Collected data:
Content starts
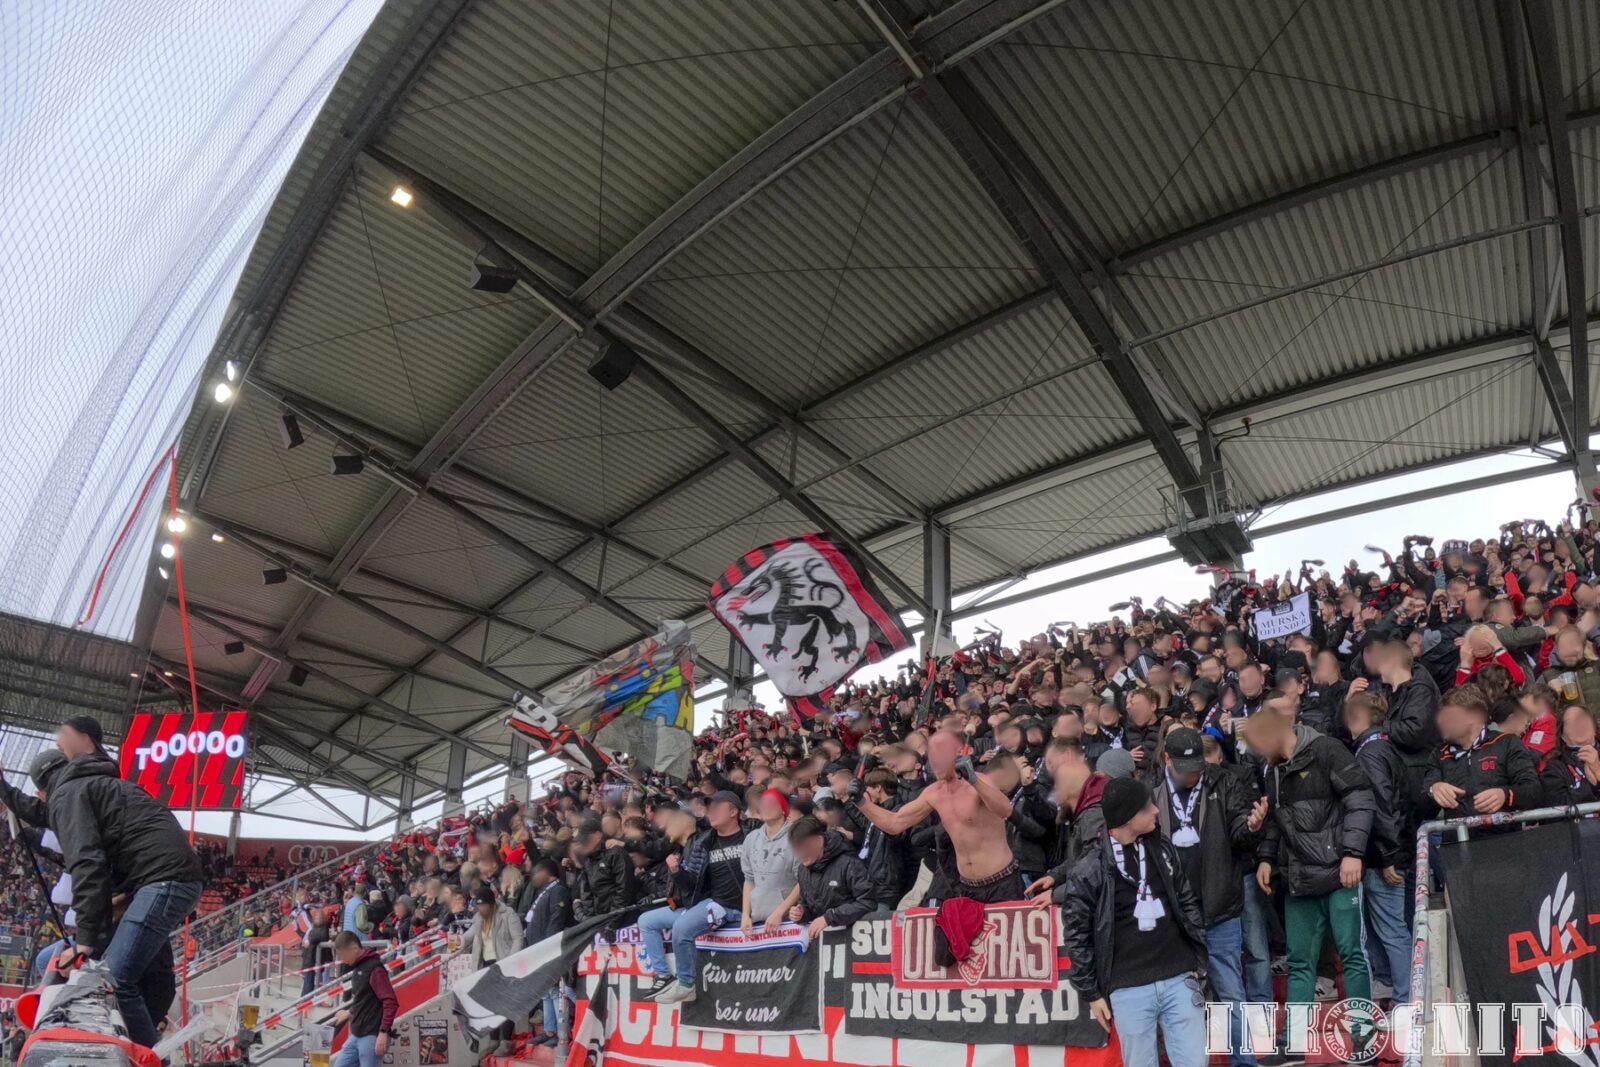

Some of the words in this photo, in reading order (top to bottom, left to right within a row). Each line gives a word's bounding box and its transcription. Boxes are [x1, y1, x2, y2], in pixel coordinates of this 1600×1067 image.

[1259, 617, 1307, 636] OFFENDER
[135, 731, 245, 770] TOOOOO
[904, 910, 1051, 980] ULRAS
[702, 961, 732, 992] für
[734, 964, 796, 984] immer
[715, 999, 742, 1021] bei
[745, 1005, 781, 1022] uns
[850, 980, 1098, 1025] INGOLSTAD
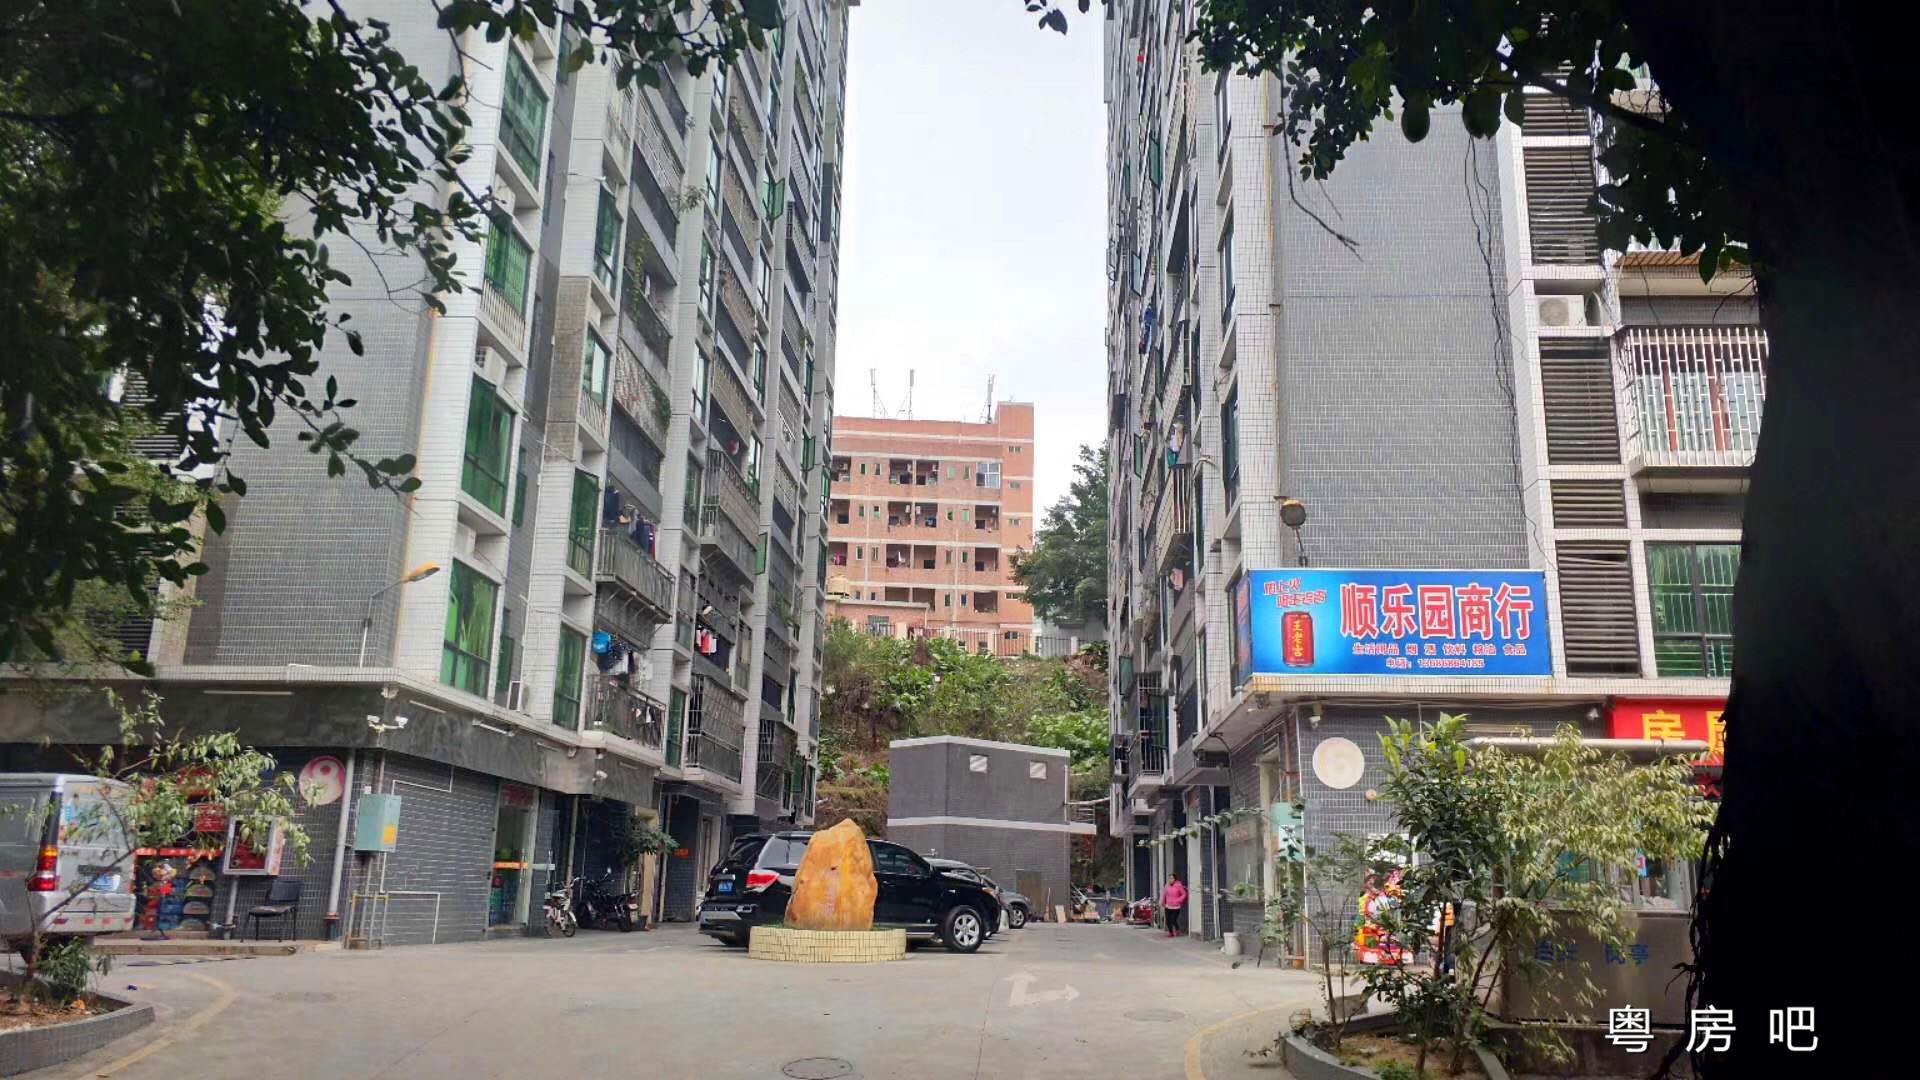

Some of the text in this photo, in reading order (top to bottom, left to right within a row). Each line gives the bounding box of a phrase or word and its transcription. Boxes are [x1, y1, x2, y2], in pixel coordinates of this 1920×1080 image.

[1340, 583, 1533, 639] 顺乐园商行
[1502, 643, 1527, 656] 食品
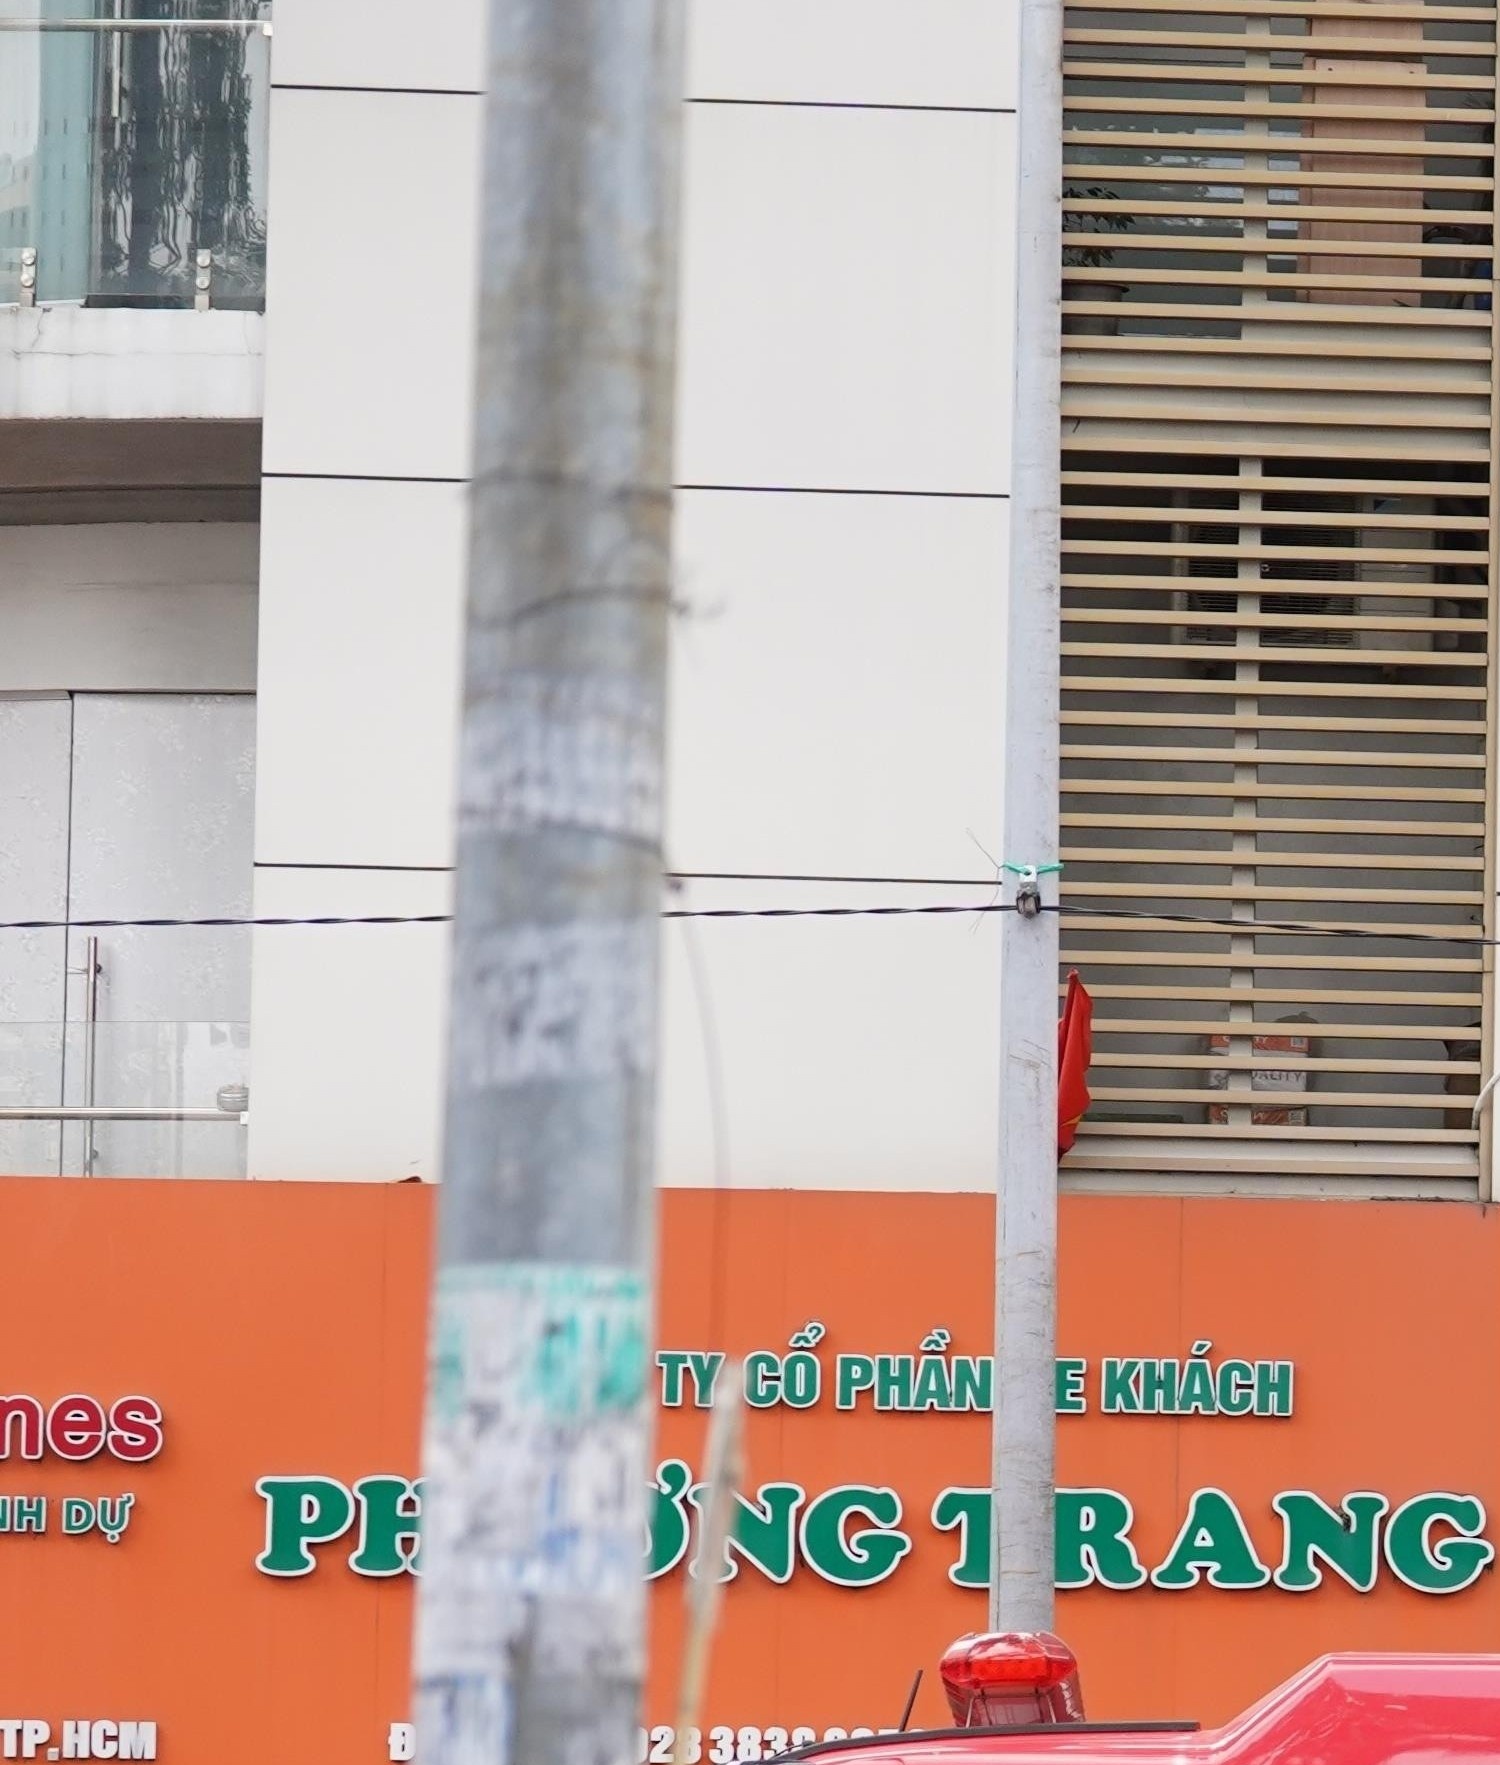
Content ends
Exercise directions: Could you retype all the entries exactly, skipping the pictures?

Reply to the exercise:
Some of the words in this photo, in reading order (top to bottom, left to right within a row). Each line gives a word's bounding box and its transcription. Boxes are [x1, y1, x2, y2], in pixel coordinates of this 1600×1067 image.

[1259, 617, 1307, 636] OFFENDER
[135, 731, 245, 770] TOOOOO
[904, 910, 1051, 980] ULRAS
[702, 961, 732, 992] für
[734, 964, 796, 984] immer
[715, 999, 742, 1021] bei
[745, 1005, 781, 1022] uns
[850, 980, 1098, 1025] INGOLSTAD

Some of the text in this photo, in reading order (top to bottom, left to right within a row). Each line gives the bounding box of a phrase or word and its transcription. Boxes are [x1, y1, x2, y2], in pixel coordinates of this 1920×1080 image.

[1340, 583, 1533, 639] 顺乐园商行
[1502, 643, 1527, 656] 食品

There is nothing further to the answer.